--- EXERCISE GOAL ---
Return every entry below exactly as written.

--- DATA UNDER STUDY ---

---+---

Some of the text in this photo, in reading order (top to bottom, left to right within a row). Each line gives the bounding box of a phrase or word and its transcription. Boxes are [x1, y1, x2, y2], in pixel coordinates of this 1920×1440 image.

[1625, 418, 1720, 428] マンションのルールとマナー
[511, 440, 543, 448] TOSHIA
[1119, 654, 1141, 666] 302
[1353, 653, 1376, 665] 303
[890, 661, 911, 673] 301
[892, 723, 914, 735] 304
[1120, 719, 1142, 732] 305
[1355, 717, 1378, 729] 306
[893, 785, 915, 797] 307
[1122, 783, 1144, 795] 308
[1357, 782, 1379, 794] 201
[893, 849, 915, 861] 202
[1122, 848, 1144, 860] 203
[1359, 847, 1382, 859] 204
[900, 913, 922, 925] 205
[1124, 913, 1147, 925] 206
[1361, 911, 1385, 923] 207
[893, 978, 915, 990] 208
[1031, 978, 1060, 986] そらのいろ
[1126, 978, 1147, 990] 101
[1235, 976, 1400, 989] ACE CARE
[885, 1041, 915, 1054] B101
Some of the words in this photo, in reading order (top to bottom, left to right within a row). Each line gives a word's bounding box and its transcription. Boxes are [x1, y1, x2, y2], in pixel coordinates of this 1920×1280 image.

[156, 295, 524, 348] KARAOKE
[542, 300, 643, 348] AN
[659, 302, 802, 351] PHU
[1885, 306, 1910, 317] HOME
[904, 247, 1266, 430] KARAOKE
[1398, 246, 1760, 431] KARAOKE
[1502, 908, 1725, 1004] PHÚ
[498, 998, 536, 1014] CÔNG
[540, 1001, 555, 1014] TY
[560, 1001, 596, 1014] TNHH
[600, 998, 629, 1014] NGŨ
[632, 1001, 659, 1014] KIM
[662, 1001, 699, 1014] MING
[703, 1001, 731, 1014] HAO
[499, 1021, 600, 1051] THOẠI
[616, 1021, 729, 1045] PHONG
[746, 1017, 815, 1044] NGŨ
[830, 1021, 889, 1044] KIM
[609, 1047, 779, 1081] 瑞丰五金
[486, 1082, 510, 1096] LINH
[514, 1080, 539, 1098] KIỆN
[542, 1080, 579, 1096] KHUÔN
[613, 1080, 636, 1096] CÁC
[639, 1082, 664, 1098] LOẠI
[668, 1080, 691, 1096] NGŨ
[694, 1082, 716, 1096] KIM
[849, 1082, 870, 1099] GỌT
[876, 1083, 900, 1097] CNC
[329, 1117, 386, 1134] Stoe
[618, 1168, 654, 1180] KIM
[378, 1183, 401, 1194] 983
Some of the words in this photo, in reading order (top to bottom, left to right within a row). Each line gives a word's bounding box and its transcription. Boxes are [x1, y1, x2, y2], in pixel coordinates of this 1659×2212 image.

---+---

--- ANSWER TO THIS EXERCISE ---
Some of the text in this photo, in reading order (top to bottom, left to right within a row). Each line gives the bounding box of a phrase or word and its transcription. Boxes are [x1, y1, x2, y2], in pixel coordinates of this 1920×1440 image.

[1625, 418, 1720, 428] マンションのルールとマナー
[511, 440, 543, 448] TOSHIA
[1119, 654, 1141, 666] 302
[1353, 653, 1376, 665] 303
[890, 661, 911, 673] 301
[892, 723, 914, 735] 304
[1120, 719, 1142, 732] 305
[1355, 717, 1378, 729] 306
[893, 785, 915, 797] 307
[1122, 783, 1144, 795] 308
[1357, 782, 1379, 794] 201
[893, 849, 915, 861] 202
[1122, 848, 1144, 860] 203
[1359, 847, 1382, 859] 204
[900, 913, 922, 925] 205
[1124, 913, 1147, 925] 206
[1361, 911, 1385, 923] 207
[893, 978, 915, 990] 208
[1031, 978, 1060, 986] そらのいろ
[1126, 978, 1147, 990] 101
[1235, 976, 1400, 989] ACE CARE
[885, 1041, 915, 1054] B101
Some of the words in this photo, in reading order (top to bottom, left to right within a row). Each line gives a word's bounding box and its transcription. Boxes are [x1, y1, x2, y2], in pixel coordinates of this 1920×1280 image.

[156, 295, 524, 348] KARAOKE
[542, 300, 643, 348] AN
[659, 302, 802, 351] PHU
[1885, 306, 1910, 317] HOME
[904, 247, 1266, 430] KARAOKE
[1398, 246, 1760, 431] KARAOKE
[1502, 908, 1725, 1004] PHÚ
[498, 998, 536, 1014] CÔNG
[540, 1001, 555, 1014] TY
[560, 1001, 596, 1014] TNHH
[600, 998, 629, 1014] NGŨ
[632, 1001, 659, 1014] KIM
[662, 1001, 699, 1014] MING
[703, 1001, 731, 1014] HAO
[499, 1021, 600, 1051] THOẠI
[616, 1021, 729, 1045] PHONG
[746, 1017, 815, 1044] NGŨ
[830, 1021, 889, 1044] KIM
[609, 1047, 779, 1081] 瑞丰五金
[486, 1082, 510, 1096] LINH
[514, 1080, 539, 1098] KIỆN
[542, 1080, 579, 1096] KHUÔN
[613, 1080, 636, 1096] CÁC
[639, 1082, 664, 1098] LOẠI
[668, 1080, 691, 1096] NGŨ
[694, 1082, 716, 1096] KIM
[849, 1082, 870, 1099] GỌT
[876, 1083, 900, 1097] CNC
[329, 1117, 386, 1134] Stoe
[618, 1168, 654, 1180] KIM
[378, 1183, 401, 1194] 983
Some of the words in this photo, in reading order (top to bottom, left to right within a row). Each line gives a word's bounding box and its transcription. Boxes are [x1, y1, x2, y2], in pixel coordinates of this 1659×2212 image.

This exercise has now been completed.